At the level of the first to second molars, between the base and the alveolar margin lies the mental foramen, an exit point for nerves and vessels that lead from the canalis mandibulae to the skin.

A small elevation on the outer surface of the lower jaw body, the Linea obliqua, runs obliquely upwards to the Ramus (ascending branch of the lower jaw). Two muscles insert themselves into it: one pulls the corners of the mouth down, the other pulls the lower lip down and to the side.

Somewhat underneath, a muscle has its approach, which extends from the neck to the second rib and is counted among mimic muscles. Above, at the alveolar process and just below the molars, the muscle begins, with the corners of the mouth pulled to the side and lips and cheek pressed against the teeth. He helps suckle by stiffening the cheeks and urges the food between the teeth while chewing.

The inner surface of the lower jaw body

Near the bony ledge, where the two mandibular bones have grown together, are two small, strong bony prominences that serve as a reinforcement and as a point of attachment for two muscles - the muscle that sticks out the tongue and an oral floor muscle. Through this bony reinforcement of the lower jaw breaks in an impact always sideways of the chin area.

Beneath these bony prominences lies a pit for the insertion of the muscle, which is important for opening the mouth. Parallel to the course of the linea obliqua outside runs inside the lower jaw body, a line (linea mylohyoidea), attaches to the floor muscles. Above and below this line there are depressions in which the lower and the lower jaw glands lie.

The lower jaw carries the compartments for the tooth roots in the alveolar arch. The individual compartments are - as in the upper jaw - separated by bone septa, in teeth with multiple roots, the individual root fan bones are further divided. The bone of the alveolar process has a structure of fine trabeculae, which transfers the pressure created during chewing from the teeth to the jaws.

The lower jaw branches

The lower jaw branches are distinguished by two projections: the articular process and the ossified approach of the temporal muscle.

The articular process (condylar process) has a condyle and a neck. At the neck, the muscle sets in a pit, pulling the lower jaw forward and to the side. The condyle forms the temporomandibular joint in a pit of the temporal bone, together with an intervertebral disc (meniscus articularis).

The ossified approach of the temporal muscle (coronoid processus) is the second projection on each lower jaw branch. The temporal muscle pulls up the auricle and tenses the skull plate. Also, the muscle, which allows the oral closure and the advancement of the lower jaw, begins at the coronoid process.This extension is pointed in the adult pointed, curved backward in old age.

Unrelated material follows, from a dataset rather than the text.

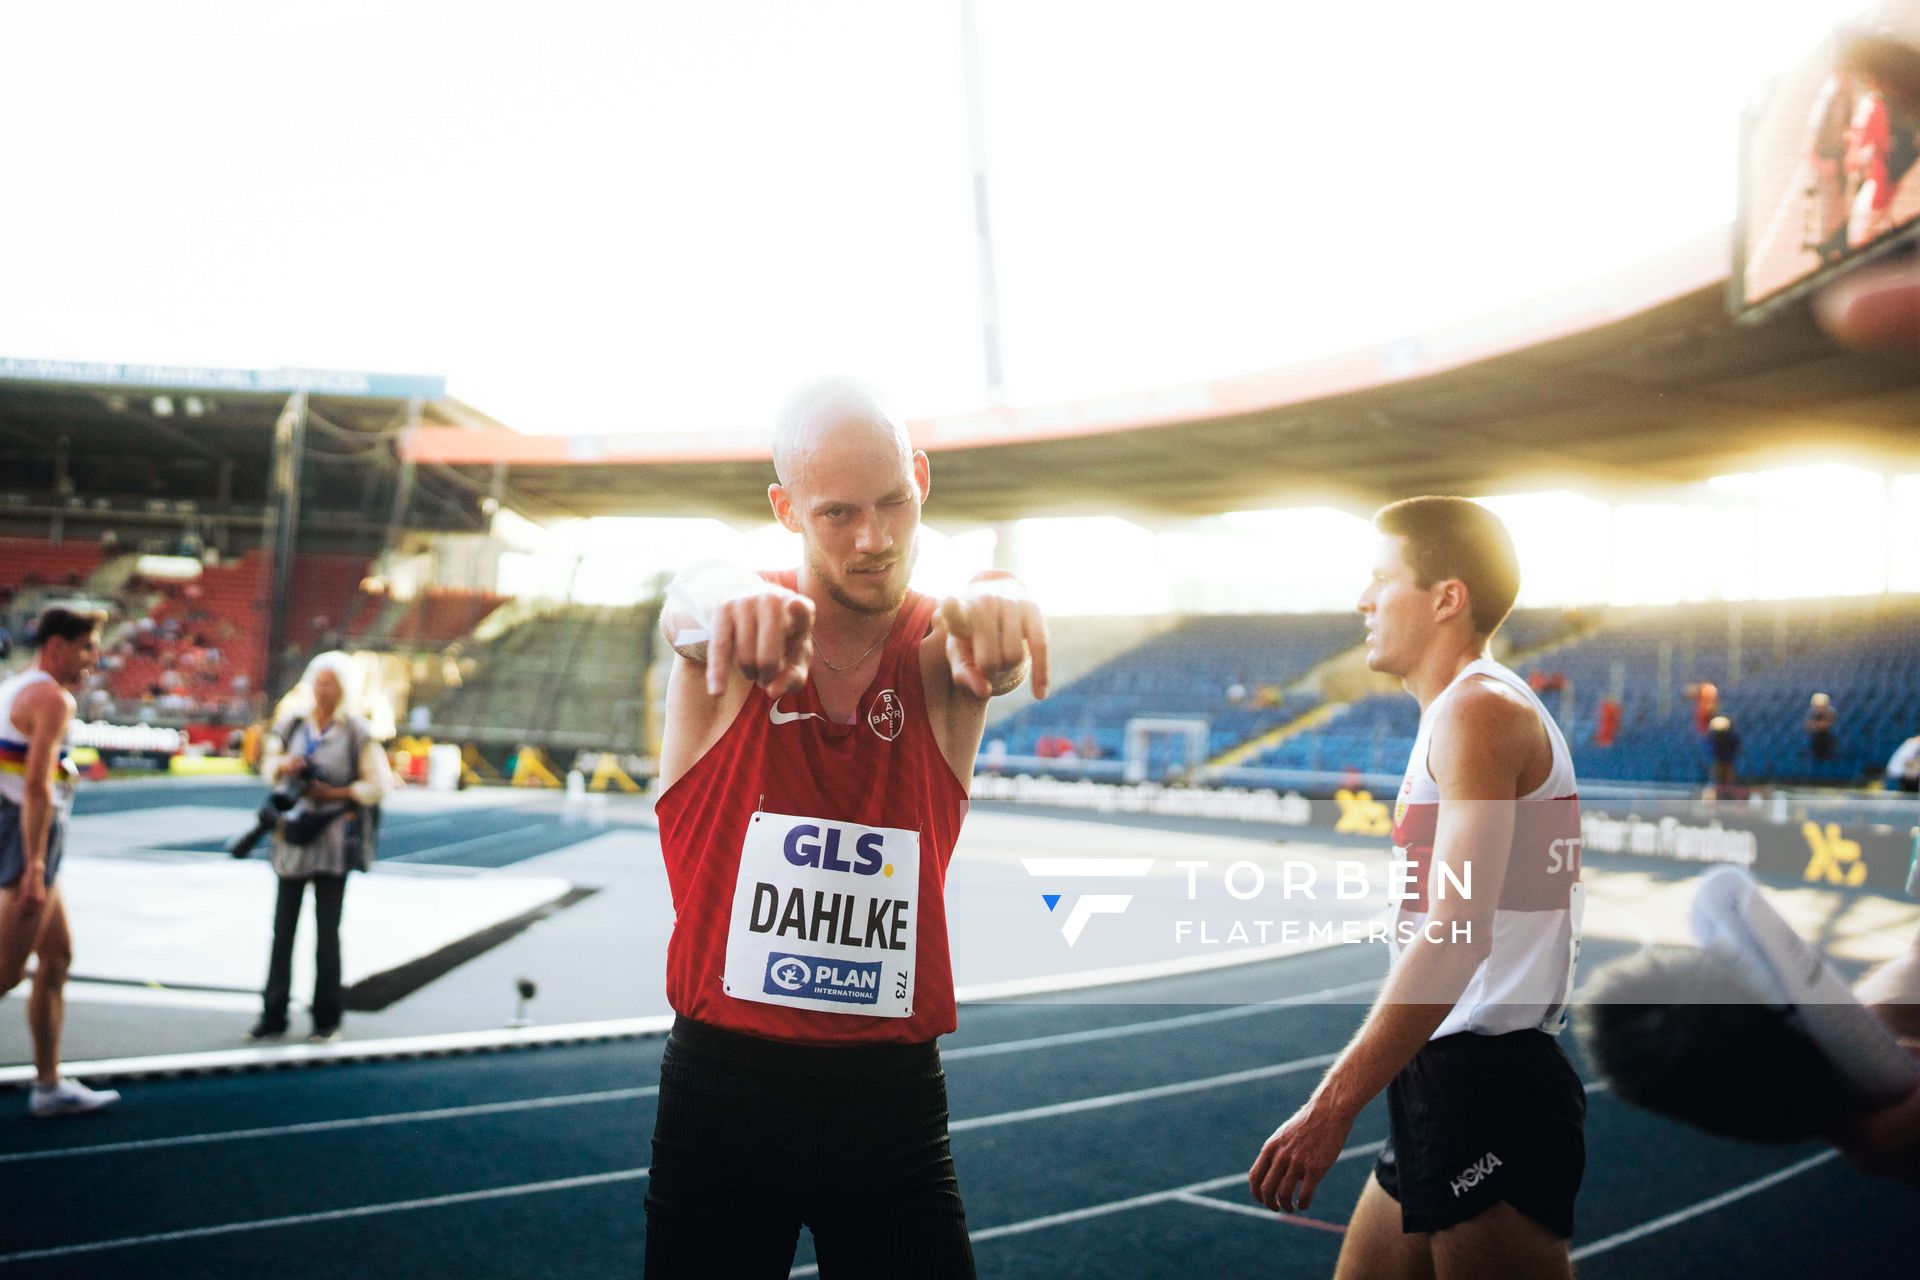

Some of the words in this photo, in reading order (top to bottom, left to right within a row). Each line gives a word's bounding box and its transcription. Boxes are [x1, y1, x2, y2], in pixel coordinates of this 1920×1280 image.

The lower jaw branches still have numerous indentations, incisions and roughnesses, which serve as average sites for nerves and vessels or attachment points for muscles.

What is the function of the lower jaw?

The lower jaw is the only movable bone of the skull. Through his movements against the upper jaw food bites are chewed and crushed. He also helps with the sound.

Movements of the lower jaw

The mandible can perform various movements: the mandible can be advanced (protrusion) and retracted (retrusion) in addition to opening and closing the mouth, sideways away from the midline and back to the midline.

Where is the lower jaw?

The lower jaw forms the lower part of the facial skull. Its two lateral branches are connected in the temporomandibular joint to the temporal bone.

What problems can the lower jaw cause?

A mandibular fracture may be accompanied by fractures of the tooth roots.

As a Progenie doctors refer to a jaw malposition in which the lower incisors bite over the upper. Those affected have a protruding chin.

In the case of the jaw clamp, the mouth can no longer be opened, and the jaw lock can no longer be closed. Possible causes include inflammatory processes (as in mumps), dislocation (dislocation) or fracture of the temporomandibular joint, scars or tumors.

The salivary glands in the lower jaw may be inflamed or malformed. In addition, tumors and metastases (secondary tumors of malignant tumors) can form here.